• [Problem statement]: When duplicating the records beneath this instruction, omit every picture and keep all else exact.

• [Raw data]:
^^^^^^^^^^^^^^^^

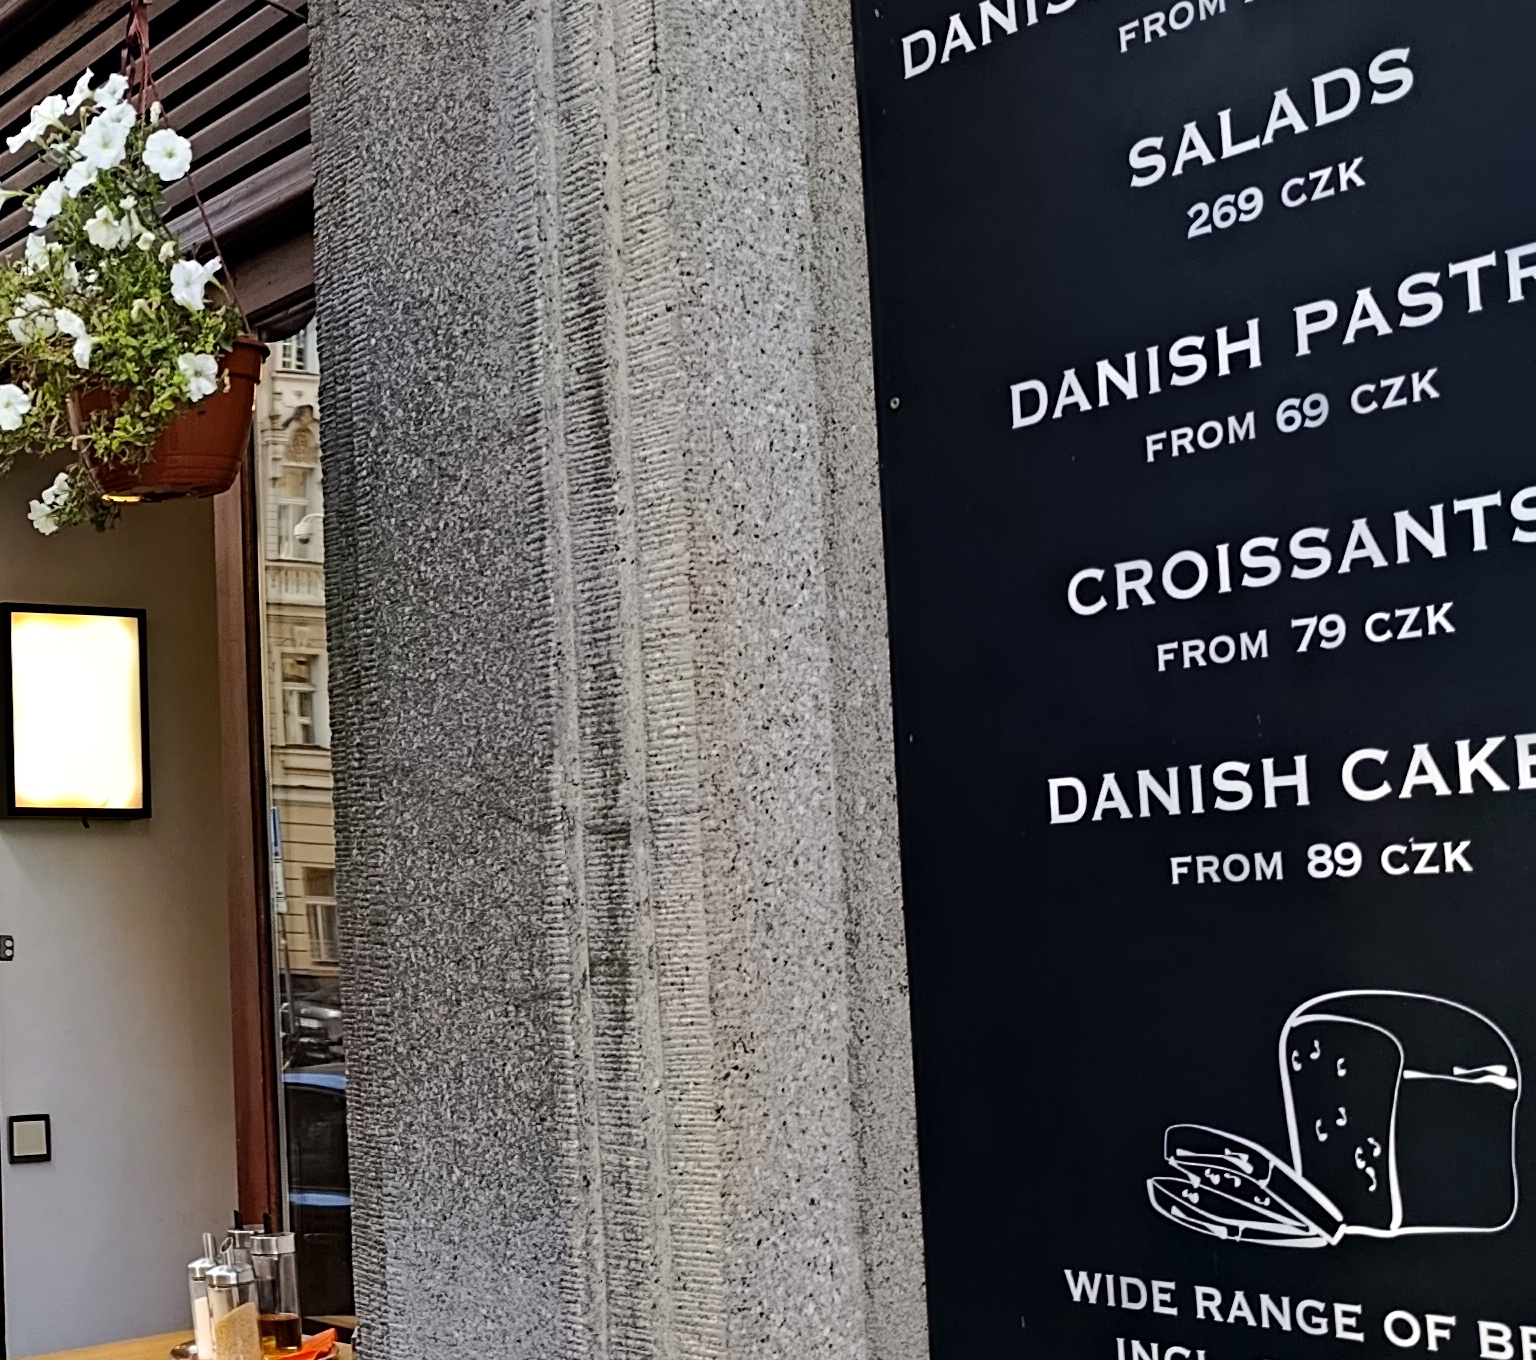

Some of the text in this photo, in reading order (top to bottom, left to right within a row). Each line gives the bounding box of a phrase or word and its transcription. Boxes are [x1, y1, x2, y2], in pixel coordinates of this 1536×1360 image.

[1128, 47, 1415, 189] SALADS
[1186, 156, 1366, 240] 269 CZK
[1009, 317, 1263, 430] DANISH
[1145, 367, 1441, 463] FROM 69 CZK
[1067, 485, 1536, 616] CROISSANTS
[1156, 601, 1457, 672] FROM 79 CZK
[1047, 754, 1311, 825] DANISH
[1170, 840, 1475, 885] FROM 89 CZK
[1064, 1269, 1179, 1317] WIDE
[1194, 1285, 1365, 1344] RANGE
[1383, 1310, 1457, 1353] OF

^^^^^^^^^^^^^^^^

• [Answer to the exercise]:
Some of the text in this photo, in reading order (top to bottom, left to right within a row). Each line gives the bounding box of a phrase or word and its transcription. Boxes are [x1, y1, x2, y2], in pixel coordinates of this 1536×1360 image.

[1128, 47, 1415, 189] SALADS
[1186, 156, 1366, 240] 269 CZK
[1009, 317, 1263, 430] DANISH
[1145, 367, 1441, 463] FROM 69 CZK
[1067, 485, 1536, 616] CROISSANTS
[1156, 601, 1457, 672] FROM 79 CZK
[1047, 754, 1311, 825] DANISH
[1170, 840, 1475, 885] FROM 89 CZK
[1064, 1269, 1179, 1317] WIDE
[1194, 1285, 1365, 1344] RANGE
[1383, 1310, 1457, 1353] OF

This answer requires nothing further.